* _TASK DESCRIPTION_
Looking at the records below, count how many lines contain the string "marcel". Give that number alone.

[GIVEN ENTRIES]

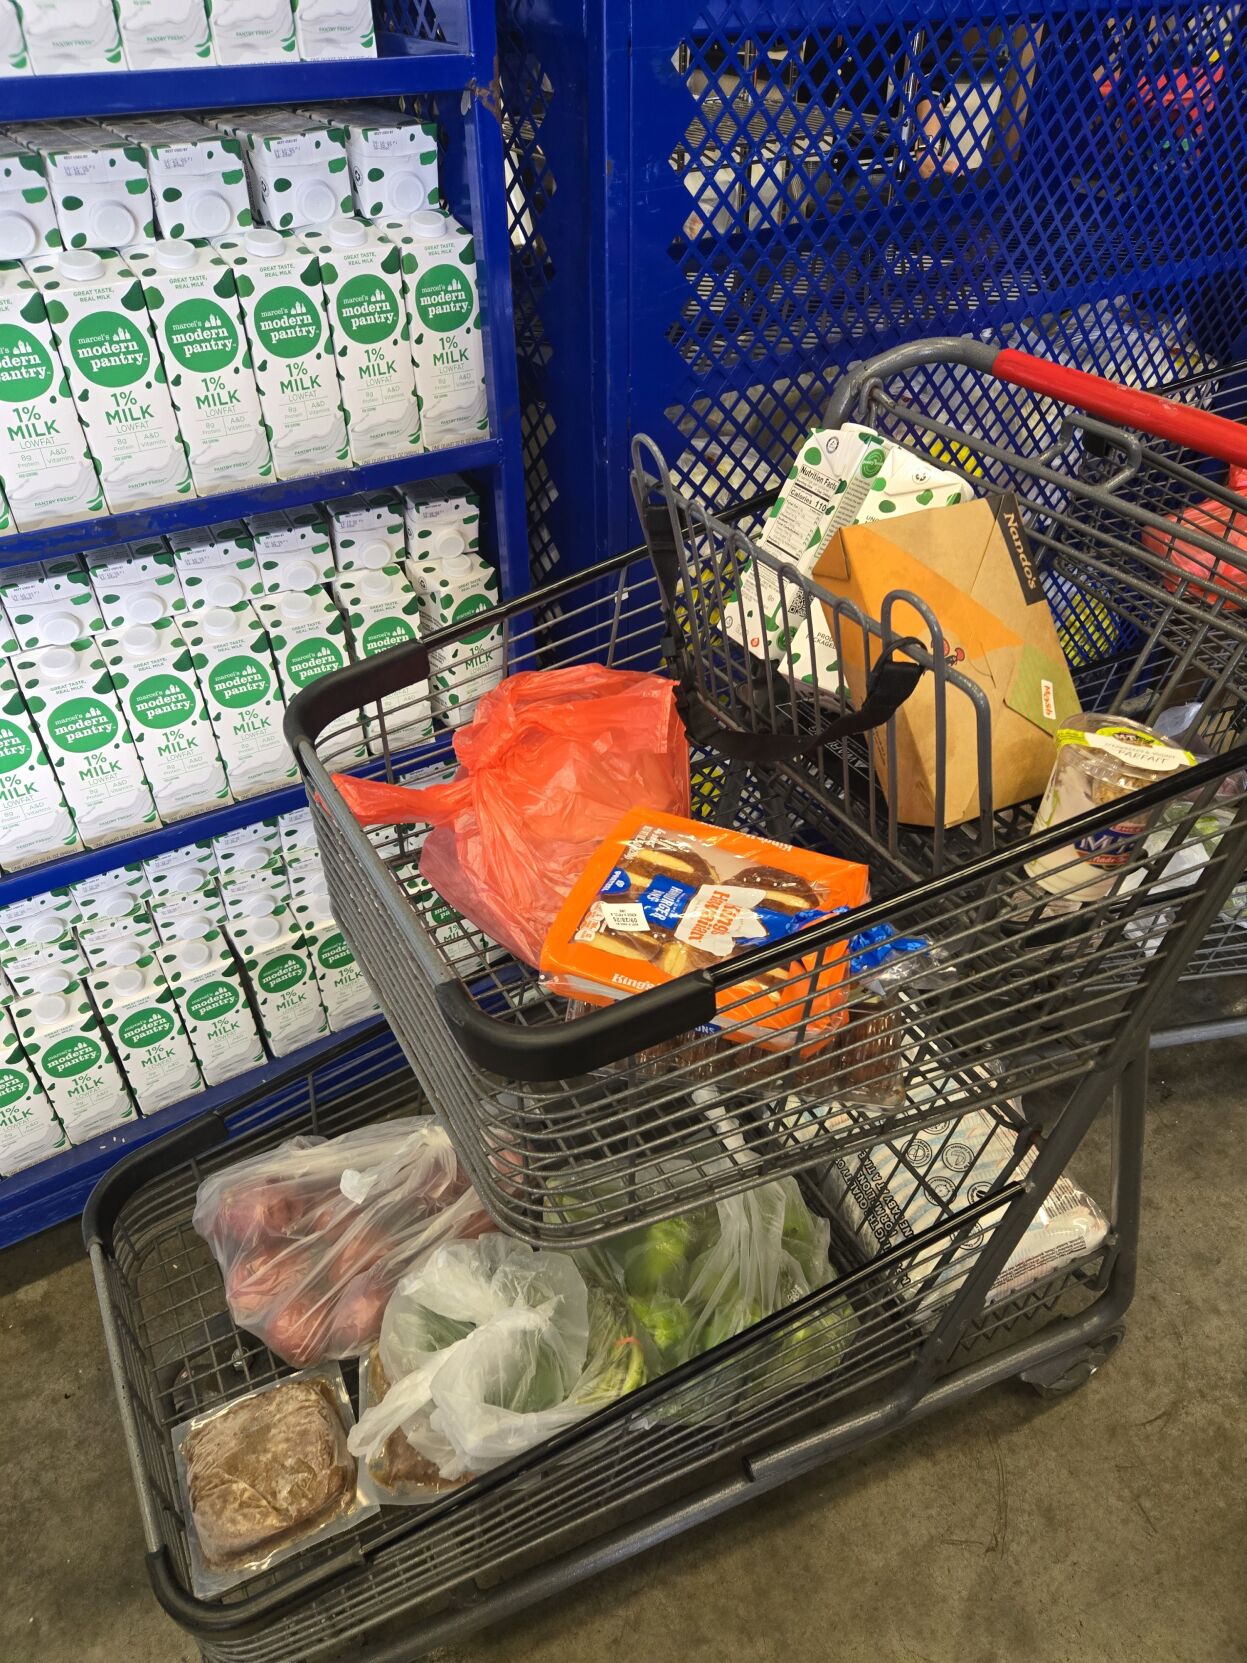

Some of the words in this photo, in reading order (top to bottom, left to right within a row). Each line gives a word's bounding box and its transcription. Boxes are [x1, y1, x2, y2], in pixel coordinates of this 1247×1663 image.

[420, 291, 466, 305] modern
[342, 301, 391, 317] modern
[428, 301, 469, 317] pantry
[172, 320, 202, 331] marcel's
[260, 315, 312, 330] modern
[351, 312, 394, 329] pantry
[79, 334, 109, 344] marcel's
[172, 328, 228, 343] modern
[271, 325, 316, 343] pantry
[439, 336, 458, 350] 1%
[77, 342, 138, 358] modern
[183, 338, 233, 357] pantry
[364, 347, 384, 363] 1%
[0, 354, 42, 368] dern
[92, 353, 144, 372] pantry
[433, 348, 469, 366] MILK
[0, 366, 46, 381] antry
[285, 362, 308, 377] 1%
[358, 360, 397, 379] MILK
[201, 376, 225, 392] 1%
[280, 375, 321, 394] MILK
[111, 391, 137, 407] 1%
[196, 390, 240, 409] MILK
[12, 406, 41, 422] 1%
[105, 405, 154, 425] MILK
[205, 406, 236, 417] LOWFAT
[7, 420, 60, 441] MILK
[116, 421, 150, 433] LOWFAT
[19, 437, 56, 449] LOWFAT
[801, 465, 823, 484] Nutrition
[824, 477, 837, 490] Facts
[790, 489, 812, 504] Calories
[815, 501, 827, 512] 110
[1004, 512, 1036, 590] Nando's
[367, 634, 409, 650] modern
[291, 654, 336, 672] modern
[300, 663, 339, 679] pantry
[215, 673, 263, 691] modern
[224, 681, 265, 699] pantry
[136, 693, 187, 711] modern
[146, 701, 190, 719] pantry
[238, 709, 258, 722] 1%
[55, 715, 108, 735] modern
[66, 723, 112, 743] pantry
[233, 717, 271, 735] MILK
[162, 729, 184, 742] 1%
[158, 737, 198, 756] MILK
[84, 752, 106, 766] 1%
[79, 760, 122, 781] MILK
[262, 964, 300, 983] modern
[270, 970, 303, 987] pantry
[192, 991, 232, 1010] modern
[276, 993, 306, 1011] MILK
[281, 990, 296, 1000] 1%
[199, 996, 234, 1015] pantry
[124, 1018, 167, 1038] modern
[208, 1021, 240, 1040] MILK
[212, 1017, 229, 1029] 1%
[132, 1023, 170, 1042] pantry
[48, 1047, 93, 1068] modern
[141, 1048, 176, 1067] MILK
[146, 1045, 164, 1056] 1%
[56, 1052, 96, 1072] pantry
[68, 1077, 104, 1096] MILK
[72, 1074, 91, 1086] 1%

[/GIVEN ENTRIES]

* _ANSWER BOX_
2